Spatial localization data
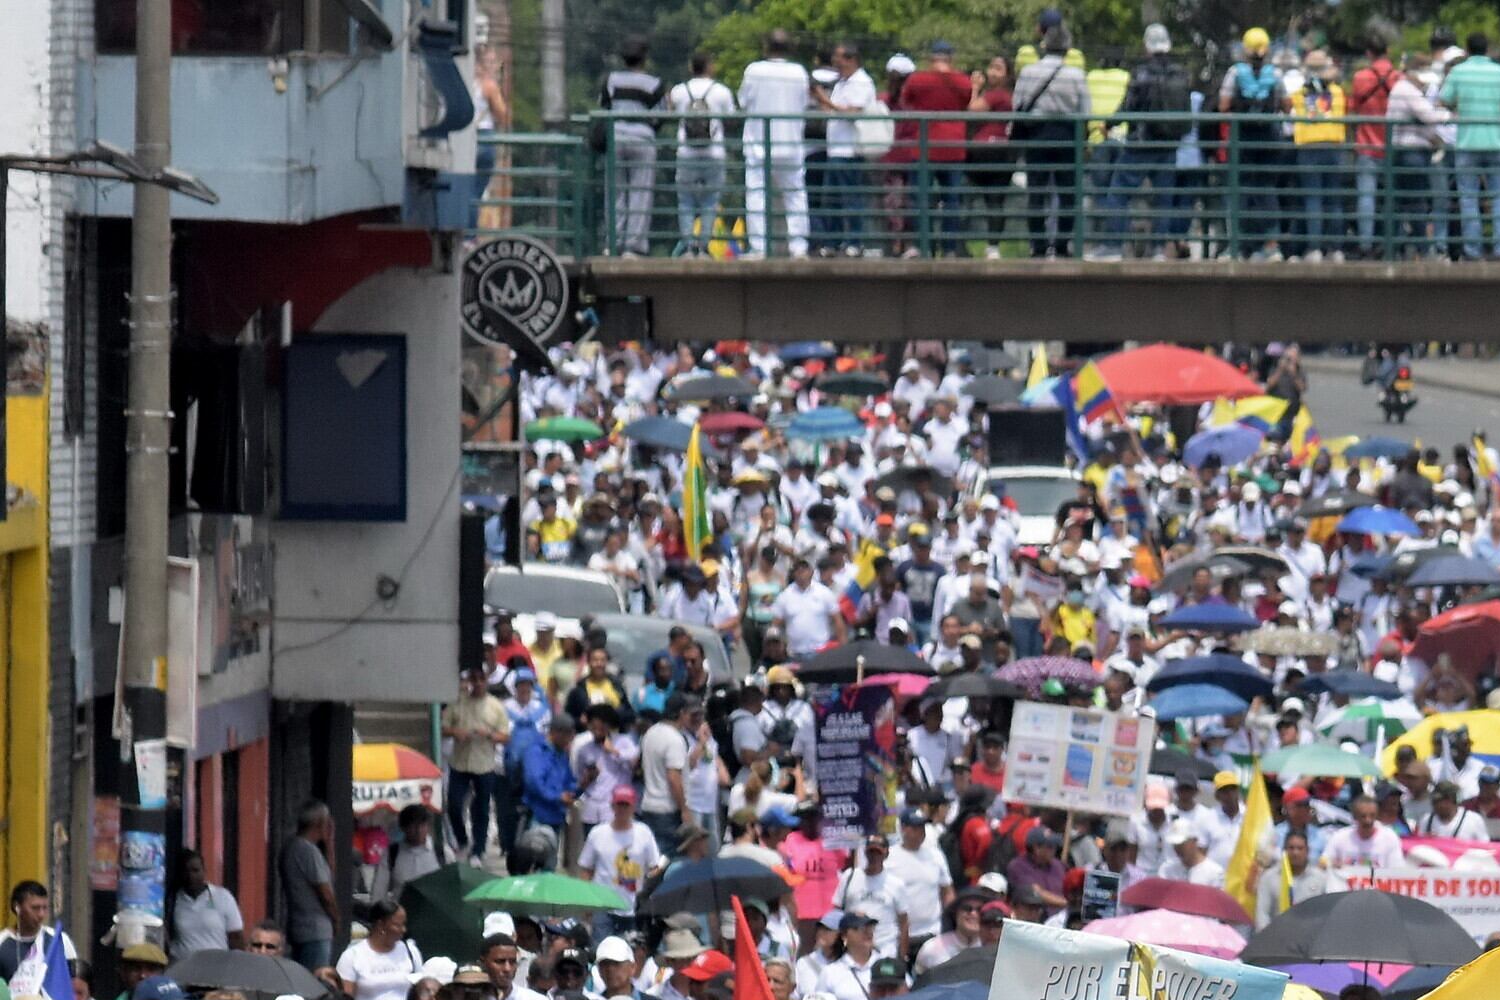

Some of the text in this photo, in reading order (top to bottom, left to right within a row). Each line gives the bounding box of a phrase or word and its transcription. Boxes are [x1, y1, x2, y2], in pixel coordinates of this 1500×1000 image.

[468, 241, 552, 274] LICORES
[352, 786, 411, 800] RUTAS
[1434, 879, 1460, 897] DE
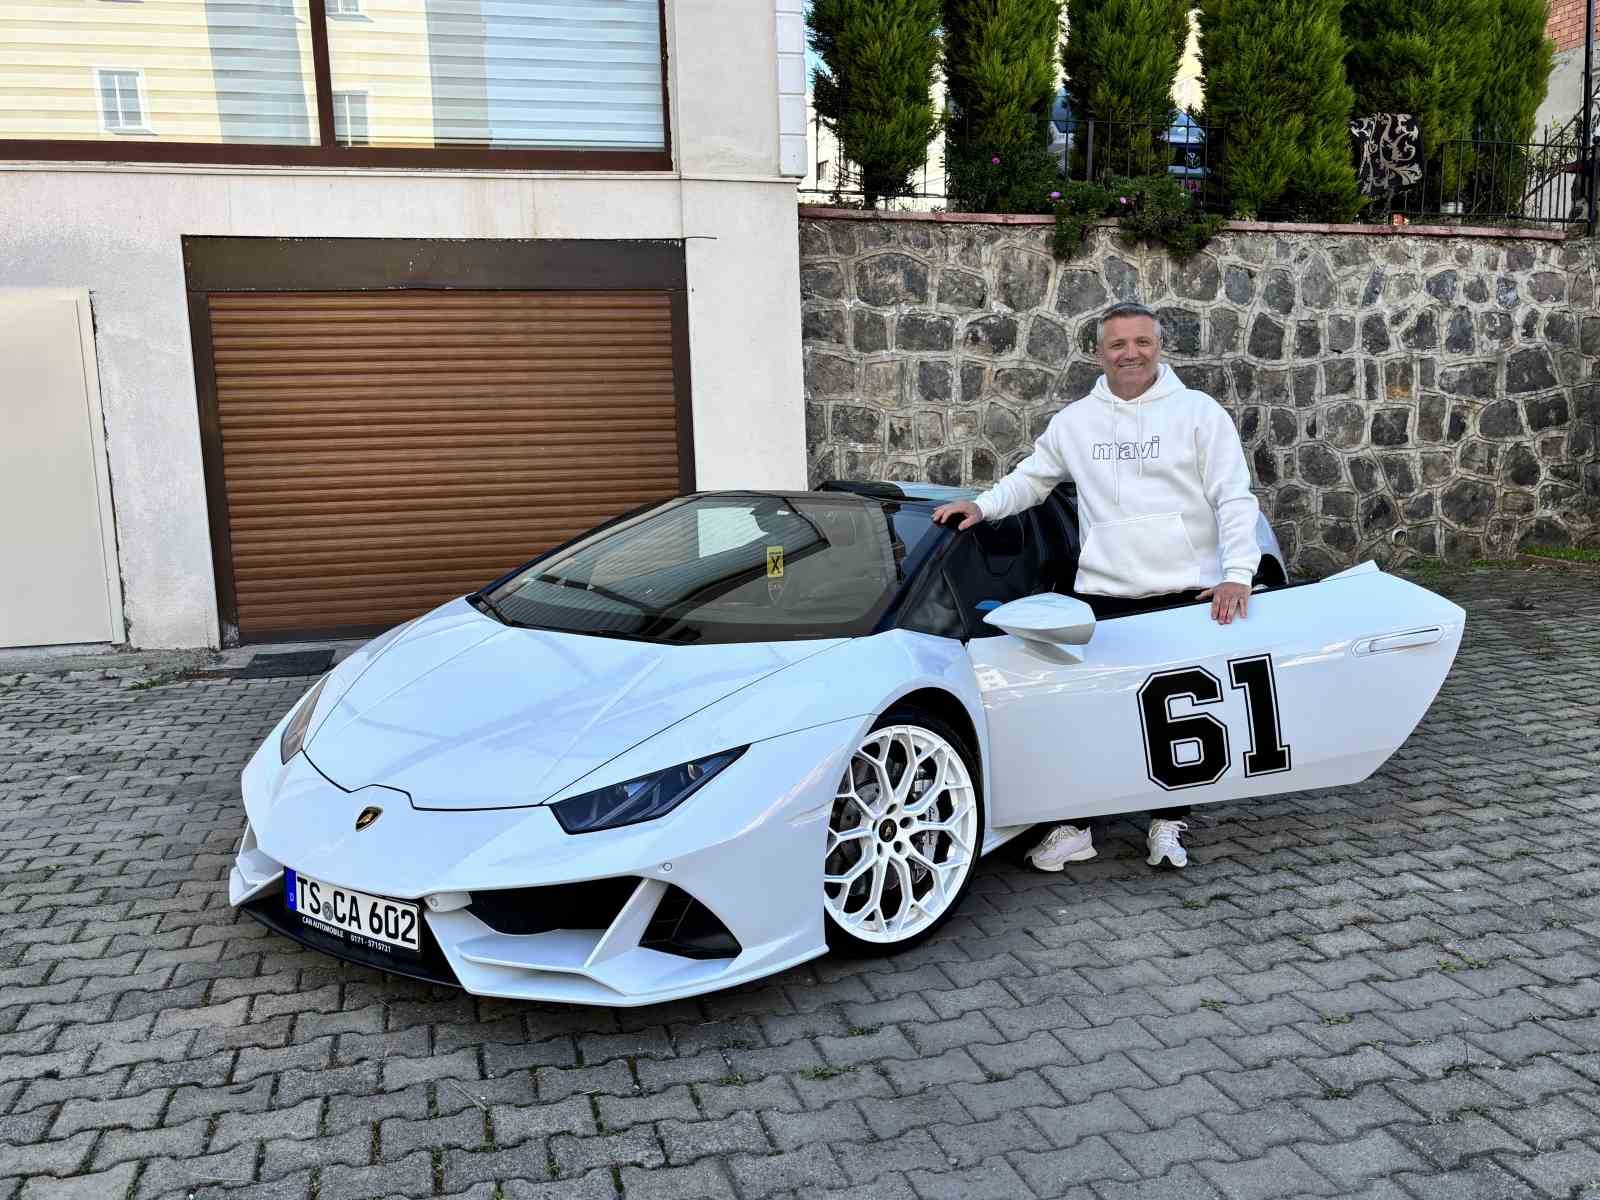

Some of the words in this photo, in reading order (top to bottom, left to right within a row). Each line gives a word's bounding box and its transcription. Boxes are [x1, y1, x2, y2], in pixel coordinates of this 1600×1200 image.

...

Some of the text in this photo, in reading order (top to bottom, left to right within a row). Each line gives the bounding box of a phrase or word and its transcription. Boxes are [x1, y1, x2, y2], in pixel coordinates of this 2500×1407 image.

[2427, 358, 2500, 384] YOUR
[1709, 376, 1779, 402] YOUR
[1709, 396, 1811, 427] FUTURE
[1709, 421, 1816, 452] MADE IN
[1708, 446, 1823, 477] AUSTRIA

» Task to carry out
Copy the lines above exactly, starting at the one with "this 1500×1000 image." and ending at the one with "Some of the words", both included. Leave out any pictures and add nothing else.

» Result of the task
Some of the text in this photo, in reading order (top to bottom, left to right within a row). Each line gives the bounding box of a phrase or word and its transcription. Boxes are [x1, y1, x2, y2], in pixel coordinates of this 1500×1000 image.

[468, 241, 552, 274] LICORES
[352, 786, 411, 800] RUTAS
[1434, 879, 1460, 897] DE

Some of the words in this photo, in reading order (top to bottom, left to right within a row). Each line gives a word's bounding box and its transcription. Boxes are [x1, y1, x2, y2], in pixel coordinates of this 1600×1200 image.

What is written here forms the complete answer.